En parlant de la productrice Shonda Rhimes, de la série « Sex and the City », du mouvement LGBTQ ou encore de la masculinité toxique, ce que j’ai beaucoup apprécié dans cet essai, c’est le regard interrogatif que porte Jennifer sur la société actuelle. J’ai eu le sentiment de lire son journal hebdomadaire accompagné d’une multitude de petits Post-it qui t’indiquent d’aller revoir « Grey’s Anatomy » ou « Orange Is The New Black »!
Jennifer lance des pistes de réflexion sur les liens qu’entretiennent les mouvements féministes modernes et la culture de masse.

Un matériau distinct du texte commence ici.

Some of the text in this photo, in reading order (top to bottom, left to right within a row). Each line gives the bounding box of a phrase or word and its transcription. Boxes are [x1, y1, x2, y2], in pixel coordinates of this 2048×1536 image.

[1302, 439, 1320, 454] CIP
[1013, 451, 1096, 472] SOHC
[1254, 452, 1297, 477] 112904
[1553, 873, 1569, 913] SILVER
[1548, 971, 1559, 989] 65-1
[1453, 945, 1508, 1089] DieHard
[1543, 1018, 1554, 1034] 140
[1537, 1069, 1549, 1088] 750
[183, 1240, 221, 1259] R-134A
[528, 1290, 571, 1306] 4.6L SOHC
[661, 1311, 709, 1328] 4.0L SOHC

Elle nous invite aussi à nous poser des questions sur cette alliance qui peut être souvent enrichissante, parfois problématique mais toujours pimentée.
J’ai adoré lire ces chapitres qui m’ont parfois rendue nostalgique à cause de certains épisodes de séries qui ont été marquants pour moi. Jennifer décortique avec magie certains épisodes de la série « How to Get Away With Murder » où l’actrice Viola Davis rentre chez elle, se démaquille et enlève sa perruque. Voir pour la première fois cette scène dans une série et me replonger dans cet épisode touchant et très intime me rappelle combien la vie de femme noire au travail peut être harassante et pouvoir ôter son masque pour montrer sa vulnérabilité dans un endroit safe est nécessaire.
Pendant de nombreuses années, nos yeux s’étaient trop longtemps habitués à voir dans les médias des représentations de femmes noires dans des rôles très stéréotypées.
Cependant, avec l’arrivée de femmes noires occupant des postes de réalisatrices, productrices et scénaristes comme Ava Duvernay, Mara Brock Akil et Shonda Rhimes, la donne a changé! Voir comment ces femmes ont réussi à s’imposer dans l’industrie du divertissement et des médias en mettant en lumière des actrices comme Gabrielle Union, Chandra Wilson, Kerry Washington et Viola Davis est puissant et montre combien il est important de s’approprier la narrative.
On s’est habitué depuis les années 2010 à voir une diversité de femmes noires interpréter des rôles non stéréotypés dans des séries TV et ça fait du bien!
Aujourd’hui, on a le plaisir de pouvoir visionner des séries avec des femmes noires qui interprètent des femmes ordinaires où beaucoup d’entre nous peuvent s’identifier et s’interroger sur leur propre vie (Insecure).
Pourquoi suis-je sous-payée par rapport à mes collègues ? Ai-je besoin d’aller voir un thérapeute ? Est-ce que mon corps est « normal » ? Suis-je désirable ?
Et en passant, il faut absolument que je regarde la série britannique « I May Destroy You » avec la réalisatrice et actrice Michaela Coel qui indique que « Nous sommes la génération qui a décidé que si vous ne nous regardez pas, nous nous regarderons nous-mêmes. »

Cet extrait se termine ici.